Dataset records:
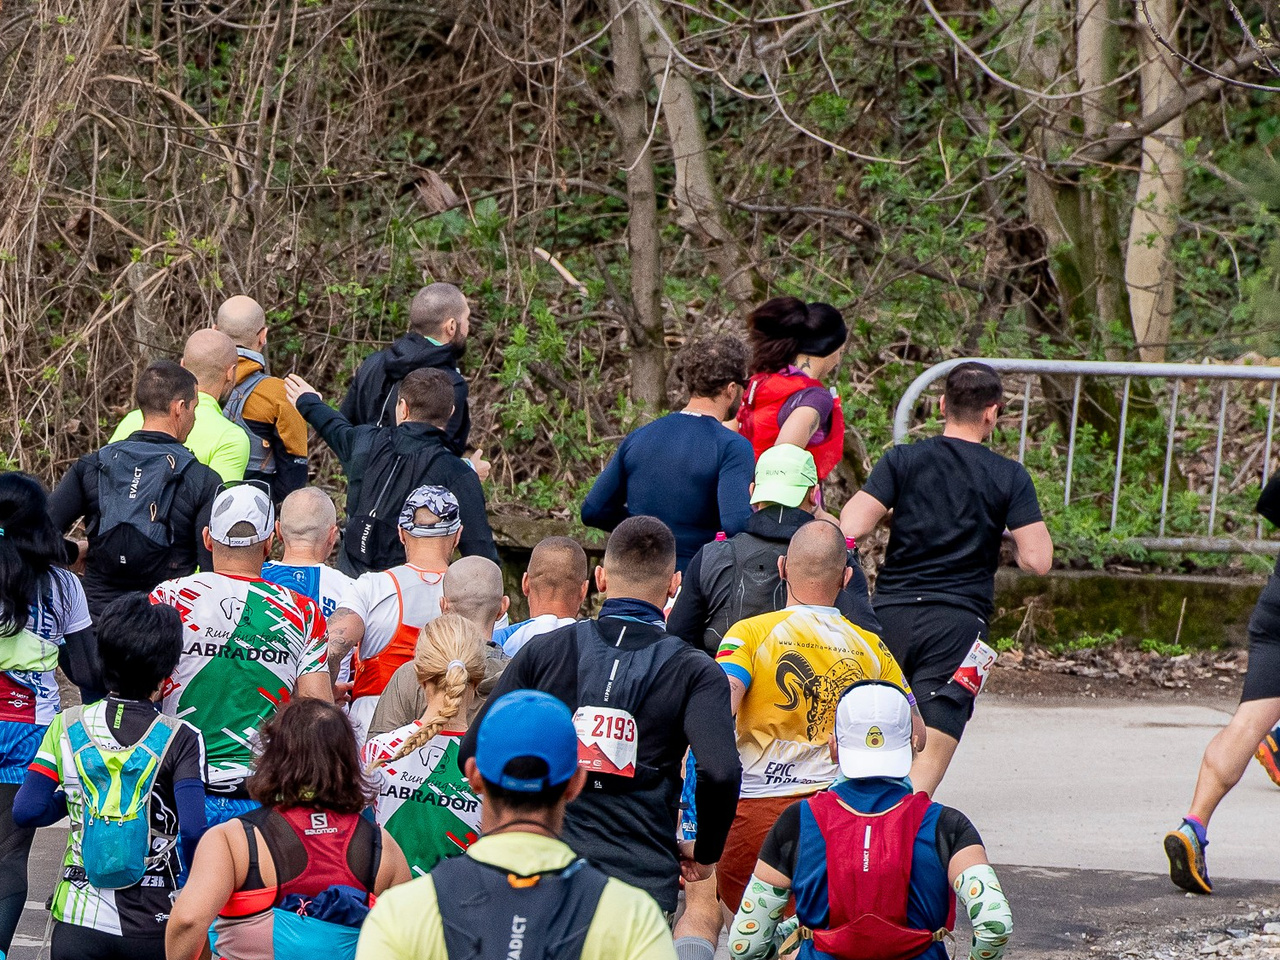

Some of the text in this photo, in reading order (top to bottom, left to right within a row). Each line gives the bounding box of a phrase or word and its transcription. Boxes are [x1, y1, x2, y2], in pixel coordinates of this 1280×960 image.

[128, 466, 143, 499] EVADICT
[360, 523, 372, 554] KIPRUN
[591, 714, 635, 742] 2193
[764, 761, 796, 777] EPIC
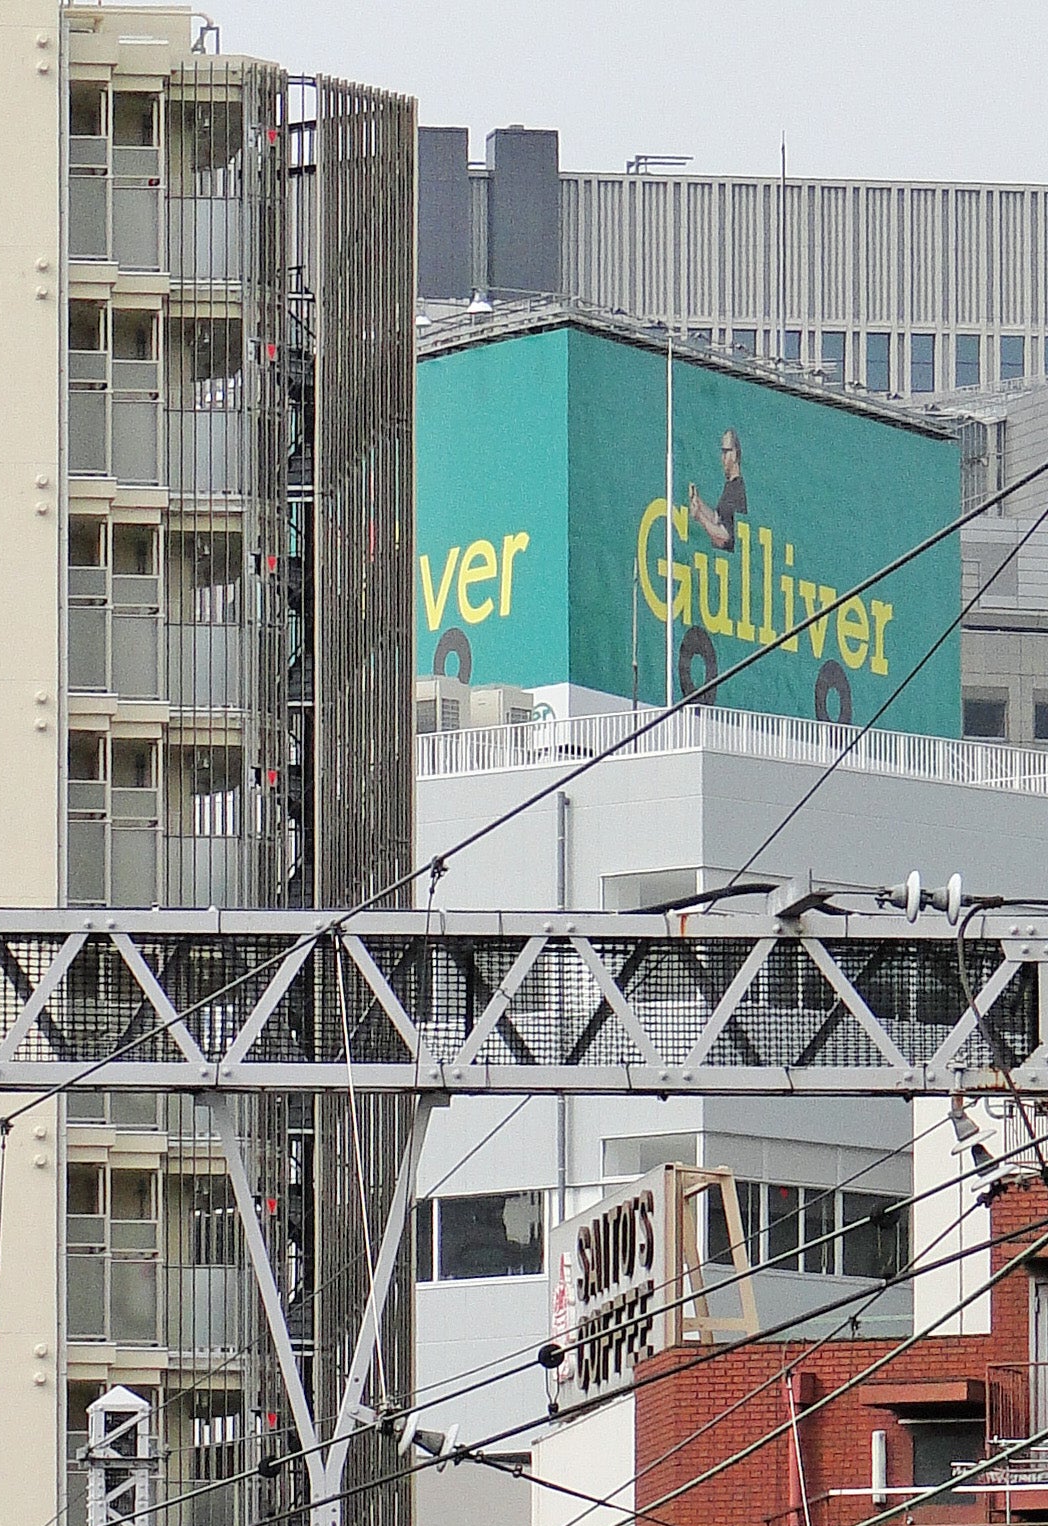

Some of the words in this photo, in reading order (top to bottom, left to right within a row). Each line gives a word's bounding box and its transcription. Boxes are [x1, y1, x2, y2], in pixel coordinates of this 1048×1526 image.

[637, 498, 893, 675] Gulliver
[576, 1190, 654, 1306] SAITO'S
[576, 1280, 654, 1394] COFFEE
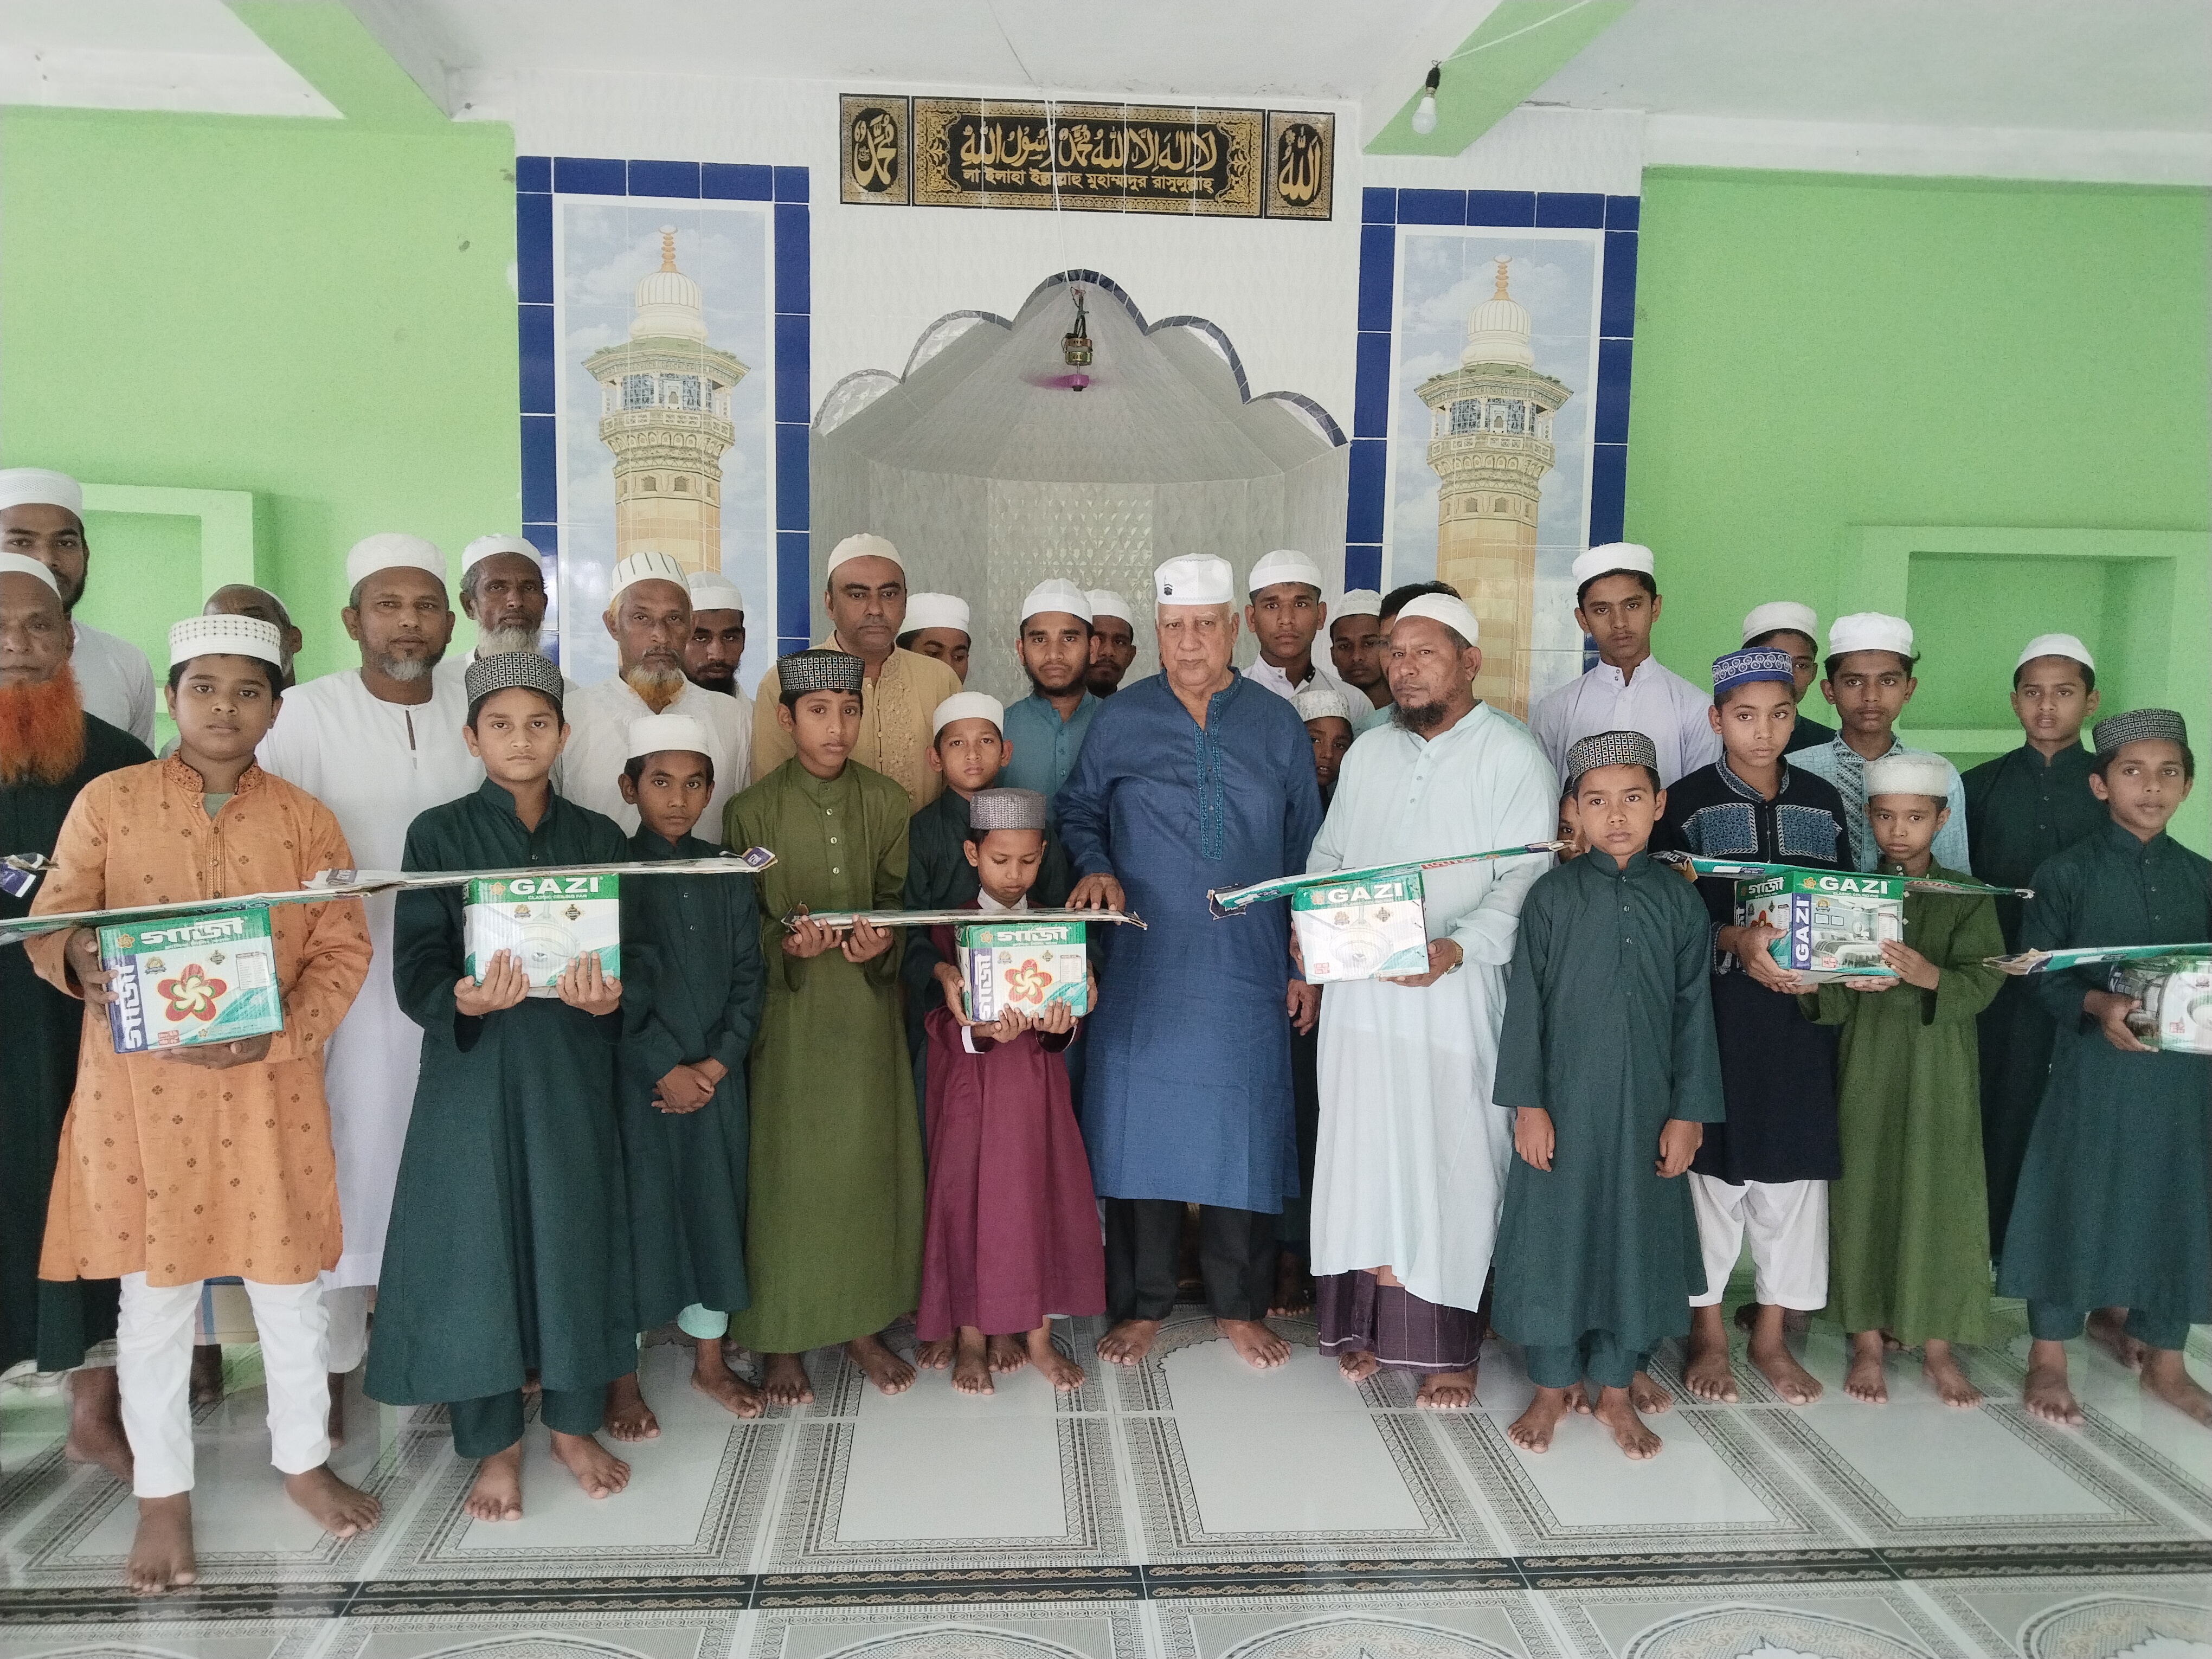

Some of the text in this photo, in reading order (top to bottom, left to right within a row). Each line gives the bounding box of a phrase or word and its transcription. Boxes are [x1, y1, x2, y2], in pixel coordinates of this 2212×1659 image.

[962, 168, 981, 183] লা
[984, 165, 1027, 185] ইলাহা
[510, 877, 599, 895] GAZI
[1328, 882, 1403, 903] GAZI
[1748, 877, 1784, 894] গাজী
[1819, 876, 1888, 895] GAZI
[140, 917, 245, 944] গাজী
[996, 926, 1069, 942] গাজী
[1796, 900, 1809, 961] GAZI
[974, 954, 994, 1021] গাজী
[112, 964, 143, 1049] গাজী

WORK ORDER:
All of the data above should be transcribed verbatim, with pictures omitted.

EXERCISE RESULT:
Some of the text in this photo, in reading order (top to bottom, left to right within a row). Each line gives the bounding box of a phrase or word and its transcription. Boxes are [x1, y1, x2, y2], in pixel coordinates of this 1280×960 image.

[128, 466, 143, 499] EVADICT
[360, 523, 372, 554] KIPRUN
[591, 714, 635, 742] 2193
[764, 761, 796, 777] EPIC

Some of the words in this photo, in reading order (top to bottom, left to right within a row). Each line gives a word's bounding box and its transcription. Boxes are [x1, y1, x2, y2], in pixel coordinates of this 1048×1526 image.

[637, 498, 893, 675] Gulliver
[576, 1190, 654, 1306] SAITO'S
[576, 1280, 654, 1394] COFFEE

Some of the text in this photo, in reading order (top to bottom, left to right within a row). Each line gives the bounding box of a phrase or word and its transcription. Boxes are [x1, y1, x2, y2], in pixel coordinates of this 2212×1659 image.

[962, 168, 981, 183] লা
[984, 165, 1027, 185] ইলাহা
[510, 877, 599, 895] GAZI
[1328, 882, 1403, 903] GAZI
[1748, 877, 1784, 894] গাজী
[1819, 876, 1888, 895] GAZI
[140, 917, 245, 944] গাজী
[996, 926, 1069, 942] গাজী
[1796, 900, 1809, 961] GAZI
[974, 954, 994, 1021] গাজী
[112, 964, 143, 1049] গাজী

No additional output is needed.